2014/11/11

中国バブルと日本のスタグフレーション

Diamond Online の真壁は,
重要なポイントは、金融緩和策の出口を抜けるために、どれほどのコストがかかるかわからないことだ。株式市場に大規模なバブルができるとすれば、そのコストが大きいことは我々の経験からもよくわかる。

 1990年代初頭以降、わが国経済が大きく落ち込み、特に97年からのバブルの後始末で、わが国経済が戦後最大の苦しみを味わったことは、頭の中に残っている。それと同じことが起きるかもしれない。

 逆に、わが国を取り巻く世界経済の状況が大きく改善して、それほど大きな摩擦なくして出口を通過できるかもしれない。つまり、そのときの状況によってこれから払うべきコストが変わるため、現時点でそのコストを特定することはできない。


と述べている。小笠原諸島近海の中国船サンゴ漁をみると,中国は完全なバブル経済状態だとわかる。金余りが尋常でないと,単に不動産に限らず,美術品などに向かう。歴史的に有名なのは,欧州の南海バブルだった。オランダではチューリップが投機の対象になった。


日中の一人当たり GDP は,日本は $38,491 に対し,中国は $6,747 だ。中国の富裕層が増えたとはいえ,経済格差は $31,744 もある。要するに経済規模が大きいだけだ。経済力とは国民の経済活動の総和だから,中国の経済力は日本の 1/18 しかない。中韓両国が FTA の合意に達したけど,日中の経済格差が大きすぎて,日中韓の FTA は夢のまた夢だ。昔,革新官僚が夢想した大東亜共栄圏があった。儒教仏教を受容し文化的背景を共有しているが,東アジア諸国の貿易圏はどうだろう。日本は自動車を輸出したい。中国は内製化して,そのうち日本へ自動車を輸出したいと考えている。韓国が日本との経済的紐帯より,中国を選択したのは賢明だろう。やがて,韓国は経済的に中国に呑み込まれるだろう。

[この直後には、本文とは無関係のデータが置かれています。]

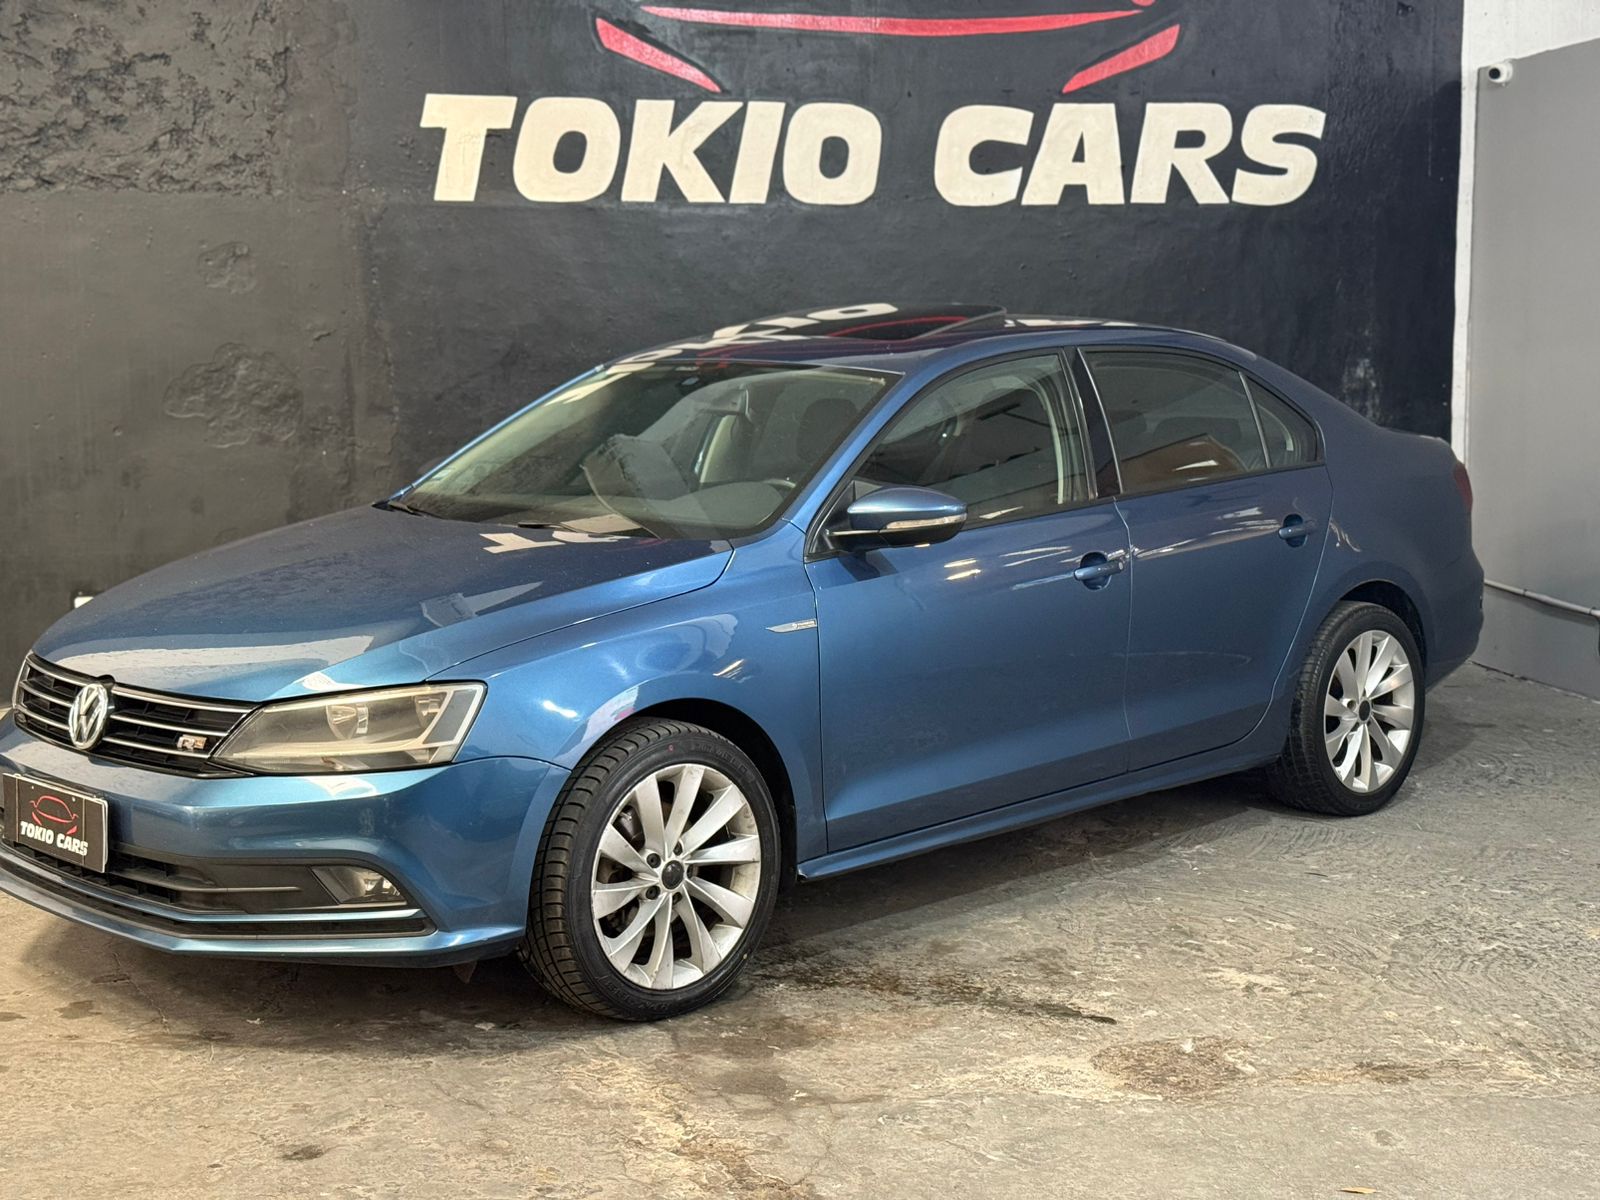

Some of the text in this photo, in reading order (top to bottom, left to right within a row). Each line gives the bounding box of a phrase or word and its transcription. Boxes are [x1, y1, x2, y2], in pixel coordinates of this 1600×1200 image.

[420, 93, 1326, 206] TOKIO CARS
[20, 820, 89, 856] TOKIO CARS

話が脱線してしまった。真壁の考えるようなバブルの再来ではなく,合衆国が経験した長い不況下のインフレ(スタグフレーション)が起きる可能性の方が高いのではないか。当時の合衆国は日本からの繊維,カラーテレビ,半導体そして自動車と集中豪雨的と形容される輸入増加に悩まされた。また,国の歳費はベトナム戦争の軍事費により財政赤字が酷かった。そこで,選んだ解決策が米中接近だった。

今も昔も,日本は合衆国の対中外交政策の余波により翻弄されるのは変わらない。残念ながら,米中の強大さの前には,日本に選択のオプション(カード)はない。戦前の誤りは,うまくいかない米中との経済摩擦に,ドイツをオプションに選択した事だ。日本が採りうる手段としては,中国の台頭を広言できない東南アジア諸国と上手く付き合う事だろう。あとは TPP だな。